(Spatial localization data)
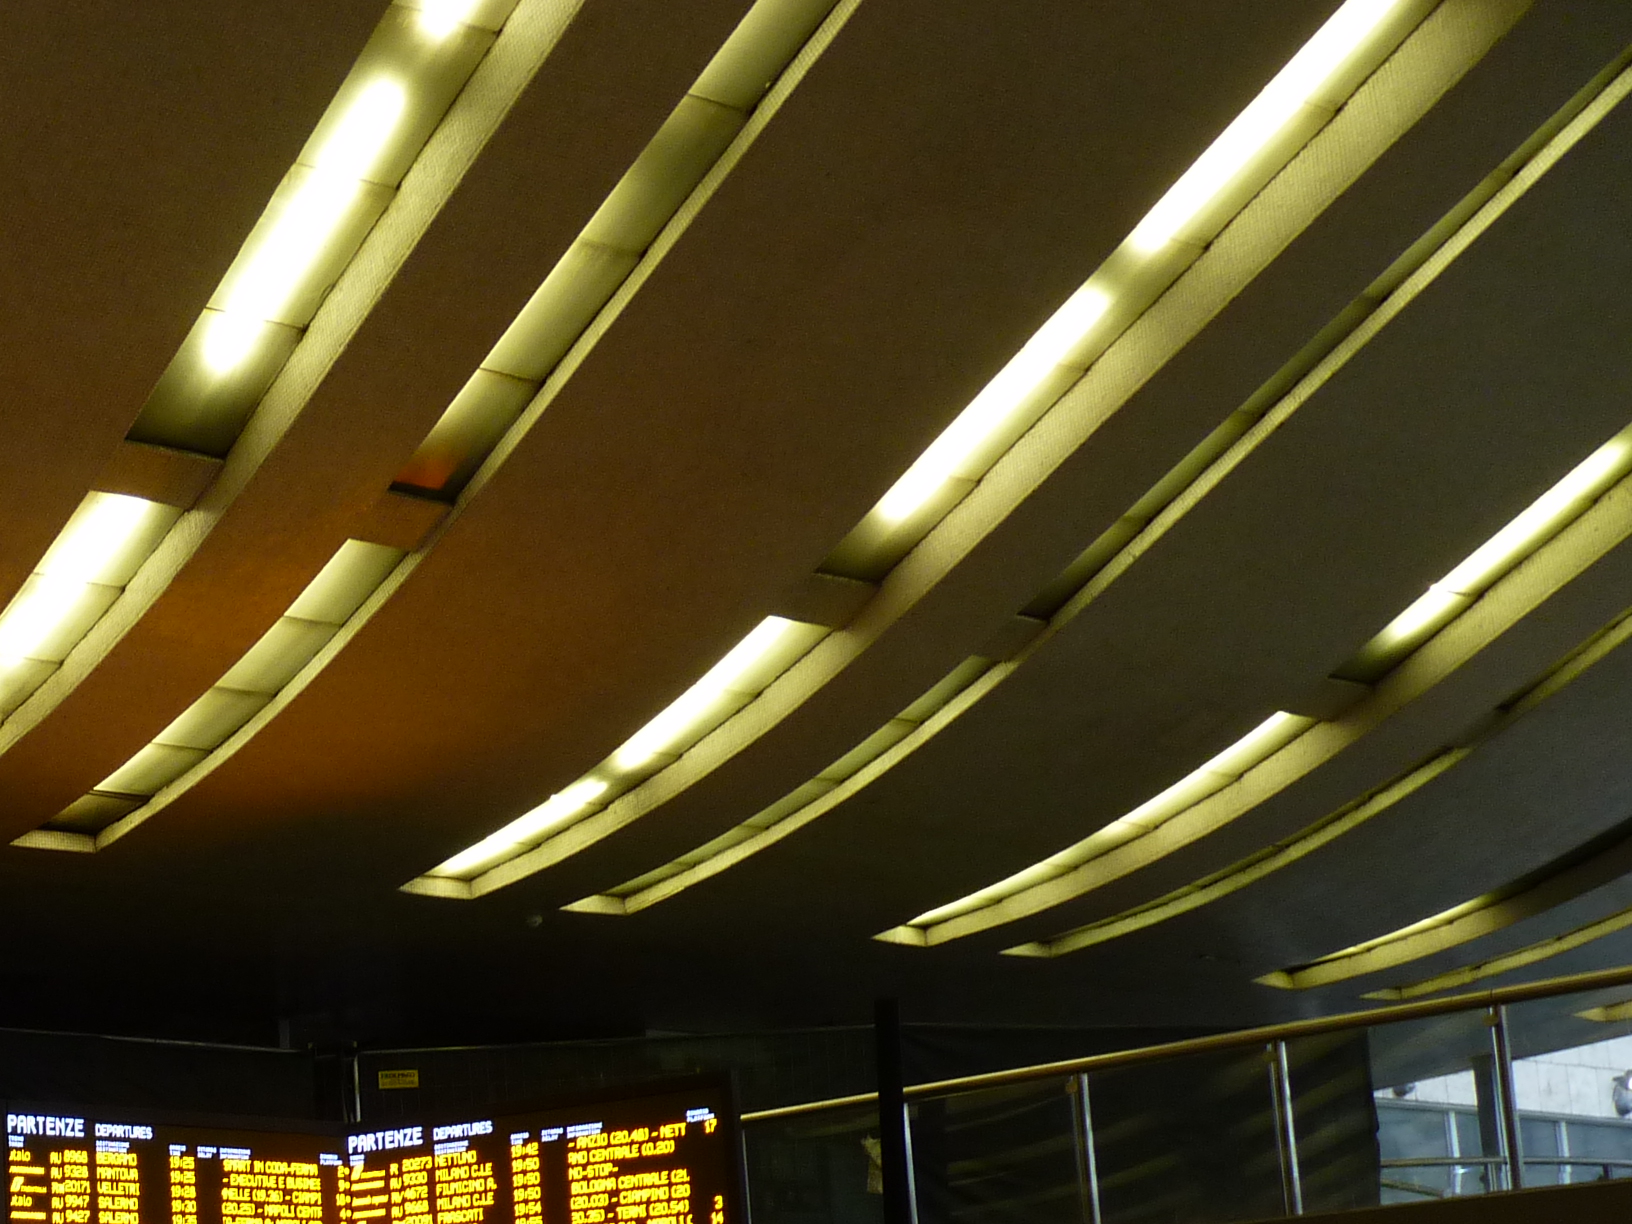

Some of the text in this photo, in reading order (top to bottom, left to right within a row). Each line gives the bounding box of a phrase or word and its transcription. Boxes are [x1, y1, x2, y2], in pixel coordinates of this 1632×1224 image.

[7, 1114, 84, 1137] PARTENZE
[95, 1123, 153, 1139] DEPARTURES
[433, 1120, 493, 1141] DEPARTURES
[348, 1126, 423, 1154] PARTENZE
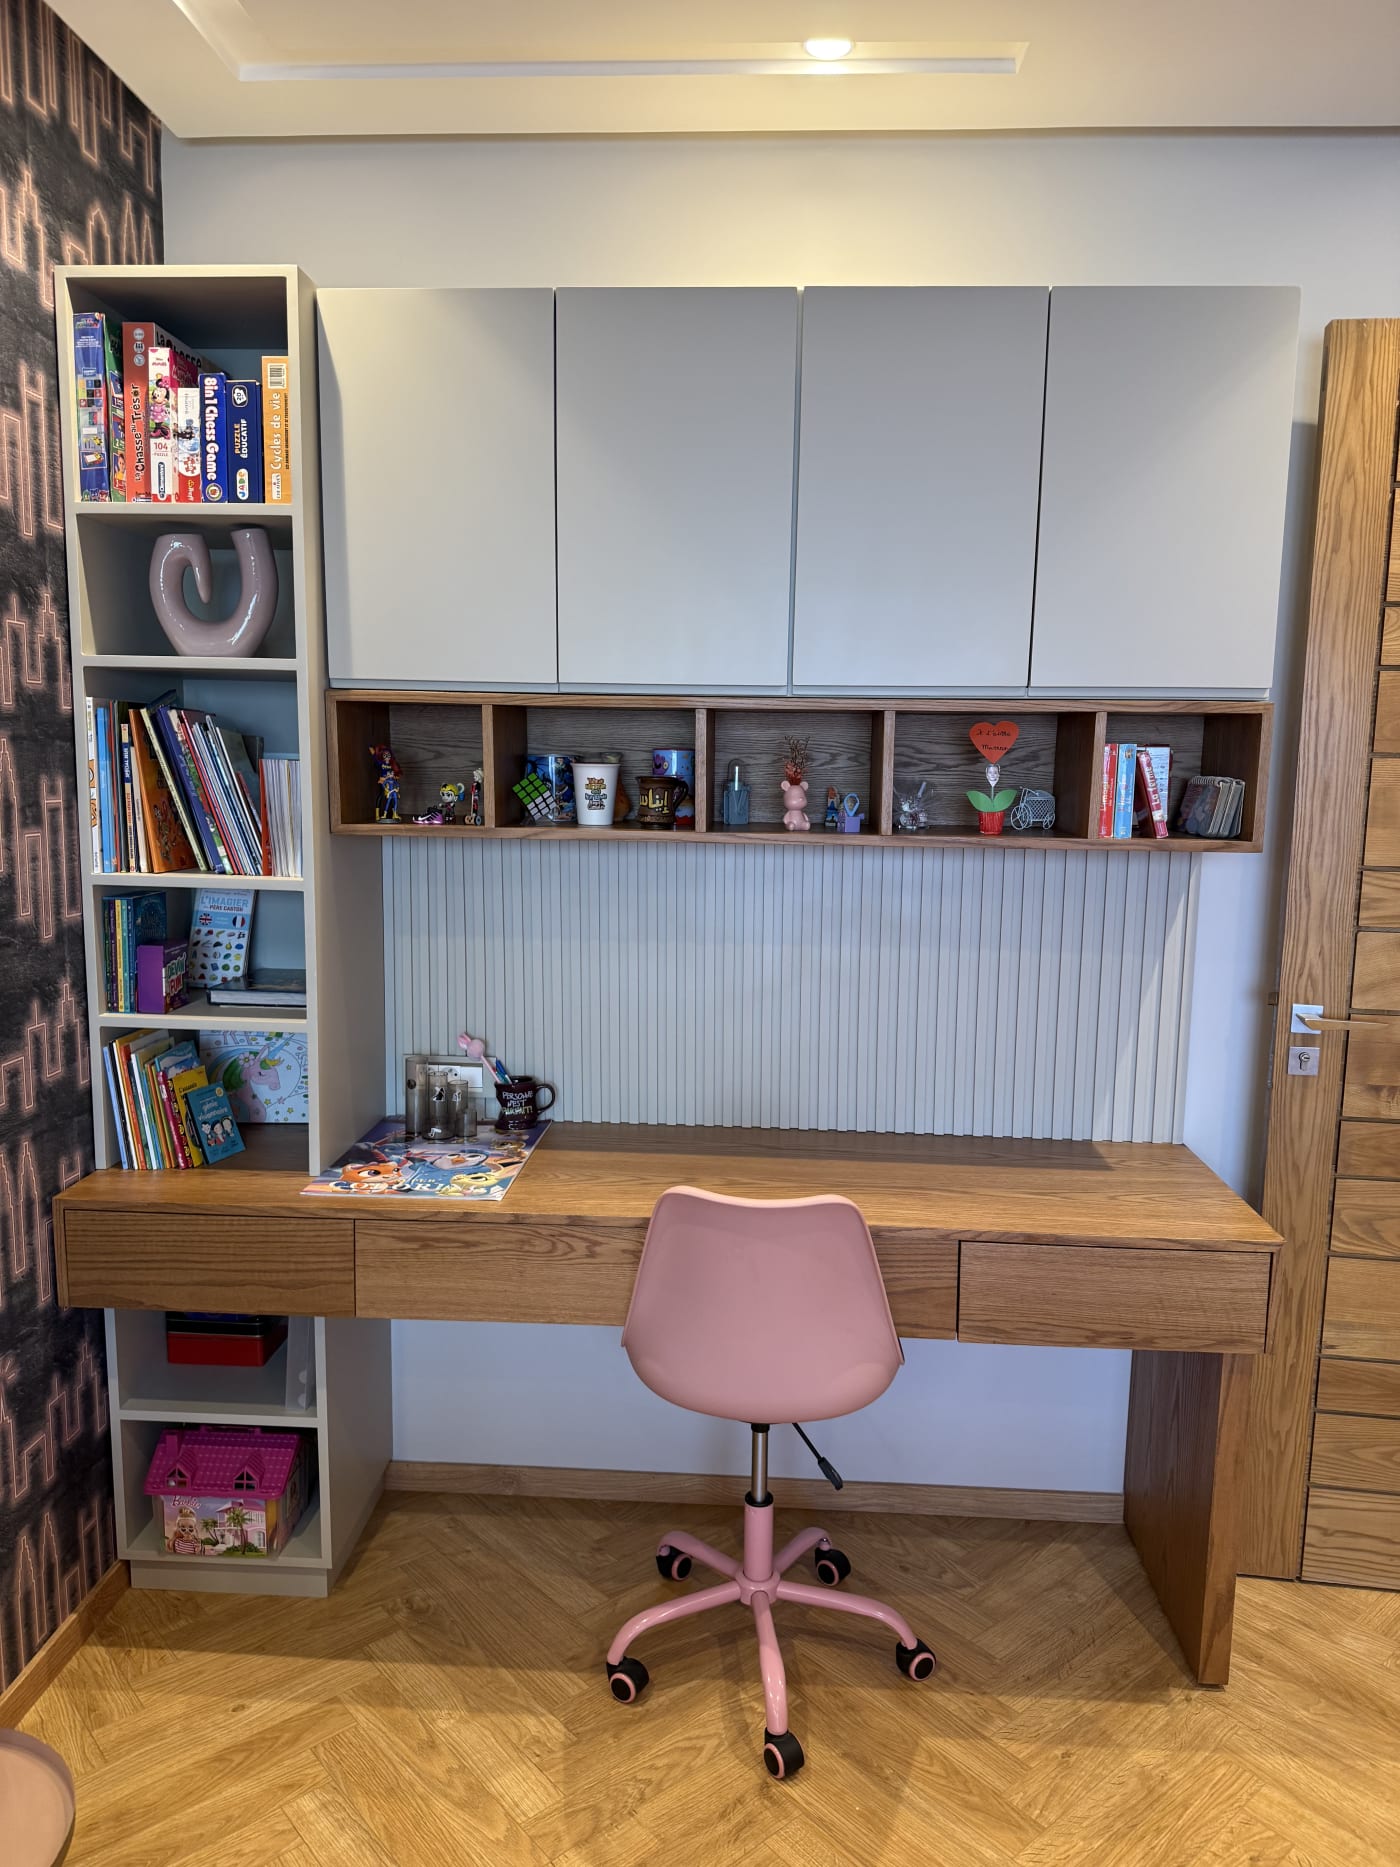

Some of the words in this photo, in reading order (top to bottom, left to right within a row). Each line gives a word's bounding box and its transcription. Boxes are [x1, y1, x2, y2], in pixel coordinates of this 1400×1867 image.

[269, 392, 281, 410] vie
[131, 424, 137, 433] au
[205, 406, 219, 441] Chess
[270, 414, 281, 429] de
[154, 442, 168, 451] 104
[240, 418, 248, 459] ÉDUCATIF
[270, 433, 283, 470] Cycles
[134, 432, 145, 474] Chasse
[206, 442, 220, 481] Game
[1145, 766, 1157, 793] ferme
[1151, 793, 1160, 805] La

Task to complete: Set down, please, the lines from the line holding "Some of the words" through the final line of the data, exactly and with nothing added.

Reply to the exercise:
Some of the words in this photo, in reading order (top to bottom, left to right within a row). Each line gives a word's bounding box and its transcription. Boxes are [x1, y1, x2, y2], in pixel coordinates of this 1400×1867 image.

[269, 392, 281, 410] vie
[131, 424, 137, 433] au
[205, 406, 219, 441] Chess
[270, 414, 281, 429] de
[154, 442, 168, 451] 104
[240, 418, 248, 459] ÉDUCATIF
[270, 433, 283, 470] Cycles
[134, 432, 145, 474] Chasse
[206, 442, 220, 481] Game
[1145, 766, 1157, 793] ferme
[1151, 793, 1160, 805] La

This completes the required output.